Despite Historic Indictment, Doctors Will Keep Mailing Abortion Pills Across State Lines
When the news broke on Jan. 31 that a New York physician had been indicted for shipping abortion medications to a woman in Louisiana, it stoked fear across the network of doctors and medical clinics who engage in similar work. Dr. Margaret Carpenter became the first U.S. doctor criminally charged for providing abortion pills across state lines — a medical practice that grew after the U.S. Supreme Court’s Dobbs v. Jackson Women’s Health Organization decision on June 24, 2022, which overturned Roe.
The Indictment and Extradition Battle
Carpenter was indicted alongside a Louisiana mother who allegedly received the mailed package and gave the pills prescribed by Carpenter to her minor daughter. According to an NPR and KFF Health News interview with Tony Clayton, the Louisiana local district attorney prosecuting the case, the teen wanted to keep the pregnancy and called 911 after taking the pills. When police responded, they learned about the medication, which carried the prescribing doctor’s name, Clayton said. The charges against the physician carry a possible five-year prison sentence.
On Feb. 11, Louisiana’s Republican governor, Jeff Landry, signed an extradition warrant for Carpenter, arguing she “must face extradition to Louisiana, where she can stand trial and justice will be served.” New York’s Democratic governor, Kathy Hochul, countered by releasing her own video, confirming she was refusing to extradite Carpenter. “Louisiana has changed their laws, but that has no bearing on the laws here in the state of New York,” Hochul said.

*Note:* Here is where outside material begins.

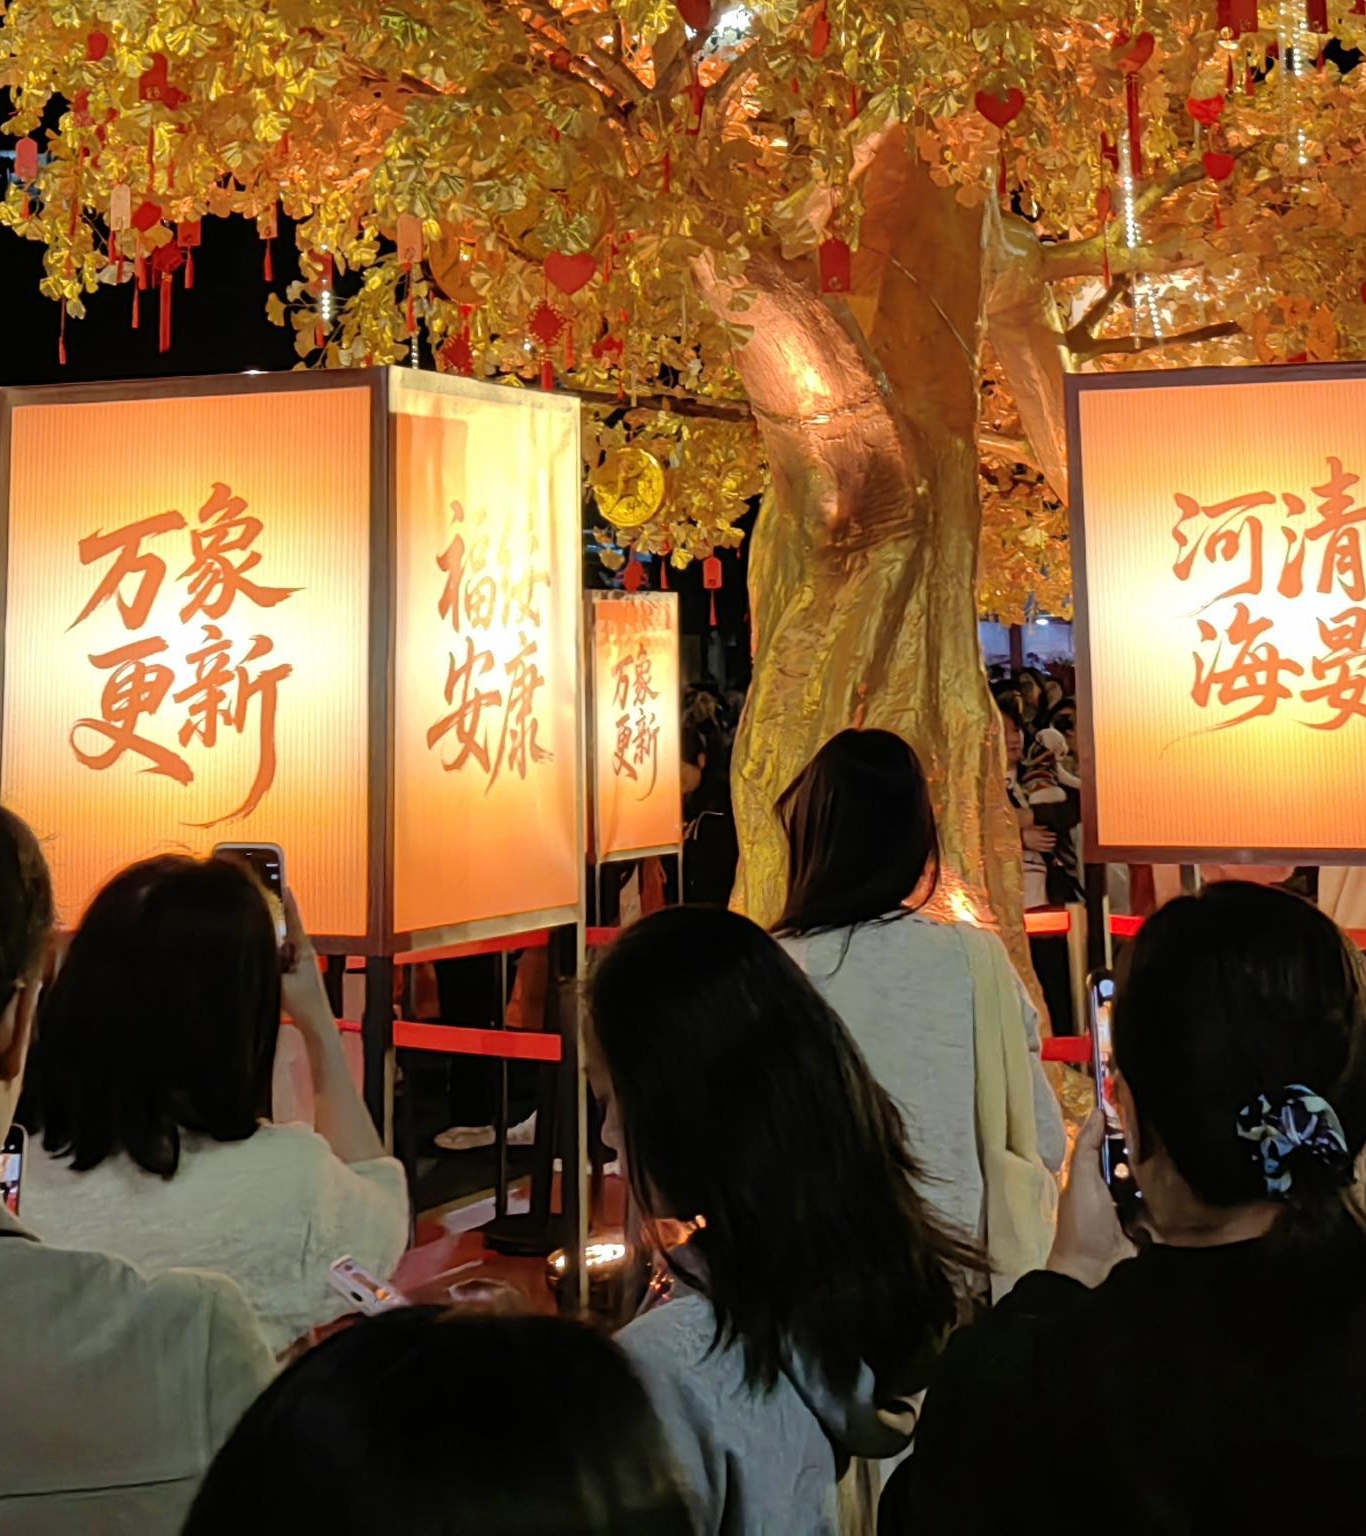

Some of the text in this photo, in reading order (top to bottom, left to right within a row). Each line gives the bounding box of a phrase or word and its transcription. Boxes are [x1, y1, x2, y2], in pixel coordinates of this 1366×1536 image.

Impact on Abortion Providers and Telehealth
At the Massachusetts Medication Abortion Access Project, physicians use telehealth to prescribe and mail pills to people who live in states that ban or restrict abortion. “It’s scary. It’s frustrating,” said Angel Foster, co-founder of the clinic near Boston that mails mifepristone and misoprostol pills to patients in states with abortion bans. Foster added that abortion providers like her had been expecting prosecution or another kind of legal challenge from states with abortion bans since the 2022 Supreme Court decision.

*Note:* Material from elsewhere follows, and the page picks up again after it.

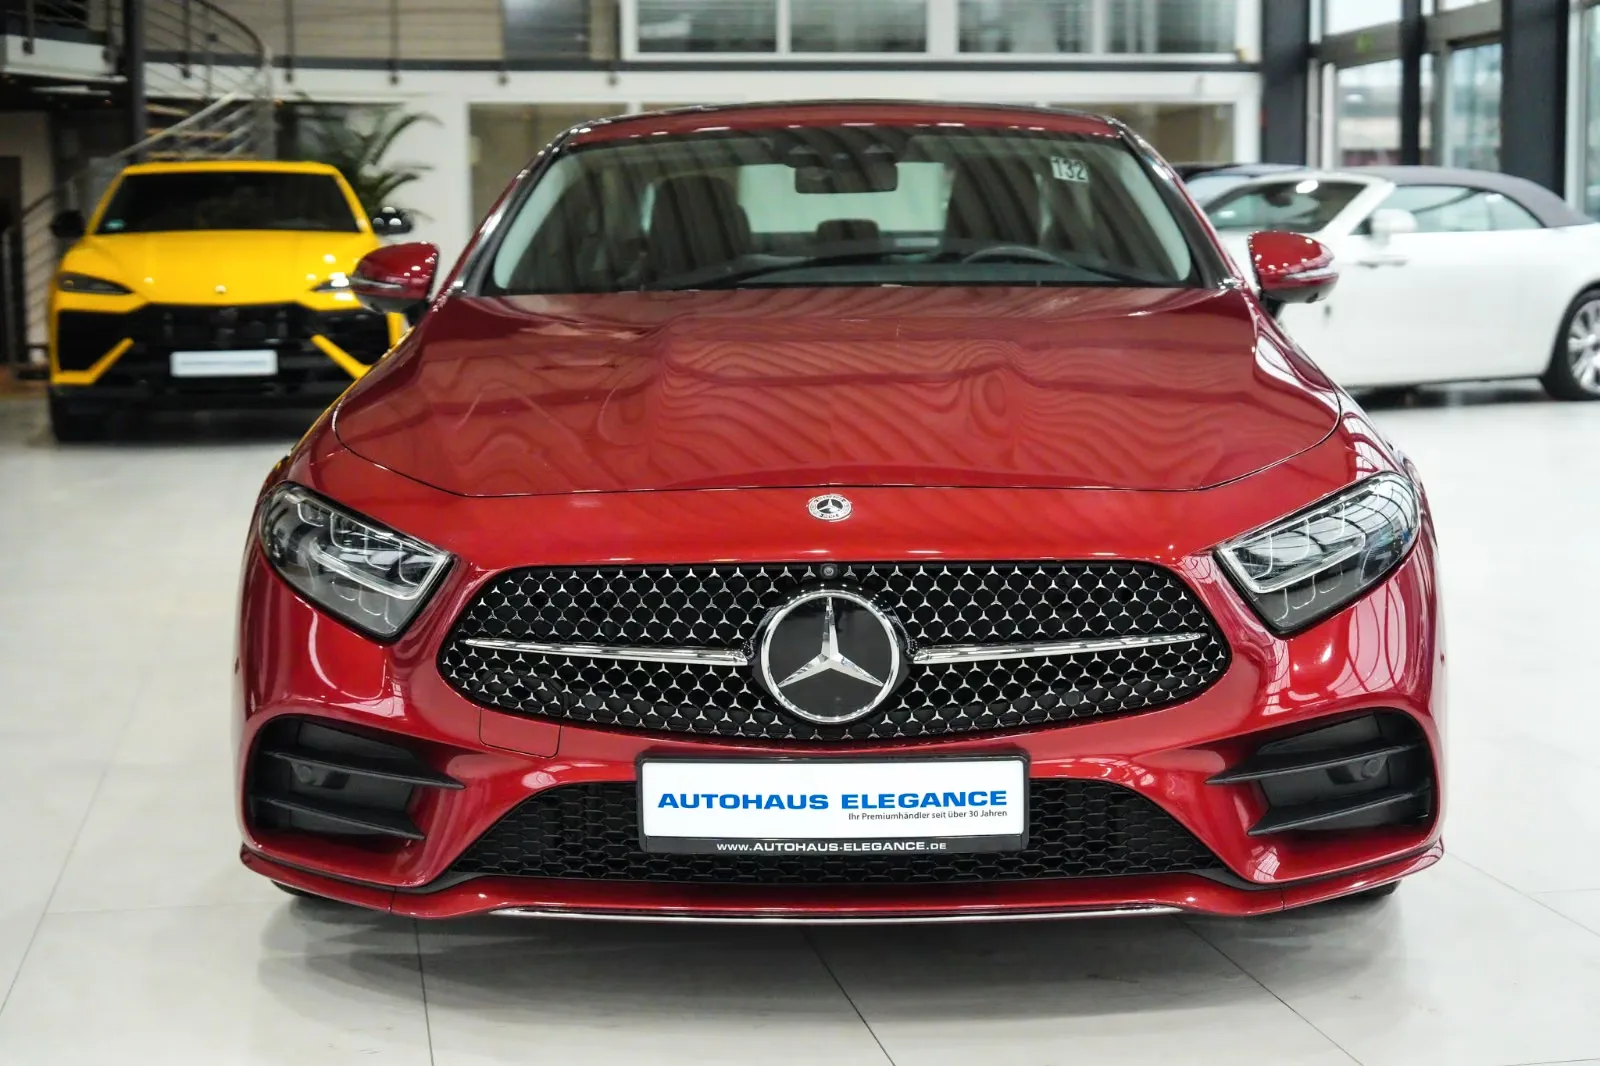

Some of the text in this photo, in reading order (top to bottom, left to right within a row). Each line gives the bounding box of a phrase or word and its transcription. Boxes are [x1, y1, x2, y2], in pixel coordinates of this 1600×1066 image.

[1053, 157, 1087, 181] 132
[657, 790, 1008, 810] AUTOHAUS ELEGANCE
[848, 809, 1008, 821] Ihr Premiumhändler seit über 30 Jahren

The indictment also sparked worry among abortion providers like Kohar Der Simonian, medical director for Maine Family Planning. “It just hit home that this is real, like this could happen to anybody, at any time now, which is scary,” Der Simonian said. Ever since the Supreme Court overturned Roe v. Wade in 2022, it was unclear when those tests would come, and would it be against an individual provider or a practice or organization.
The Legal Landscape of Abortion Access
Eight states have passed laws since 2022 to protect doctors who mail abortion pills out of state, and thereby block or “shield” them from extradition in such cases. The current legal status of abortion and provider protections includes the following data points:
- States with Shield Laws: New York, Maine, California, Colorado, Massachusetts, Rhode Island, Vermont, and Washington.
- Near-Total Abortion Bans: 12 states have enacted near-total bans since the Dobbs decision.
- Partial Abortion Bans: An additional 10 states have outlawed the procedure after a certain point in pregnancy, but before a fetus is viable.
- Potential Penalties: Criminal indictments in states with bans can carry up to a five-year prison sentence.
Despite these challenges, clinics like the Massachusetts Medication Abortion Access Project continue to treat patients. As Angel Foster noted, providers had been wondering, “Would it be a criminal indictment, or would it be a civil lawsuit,” and we are now starting to see some of this play out.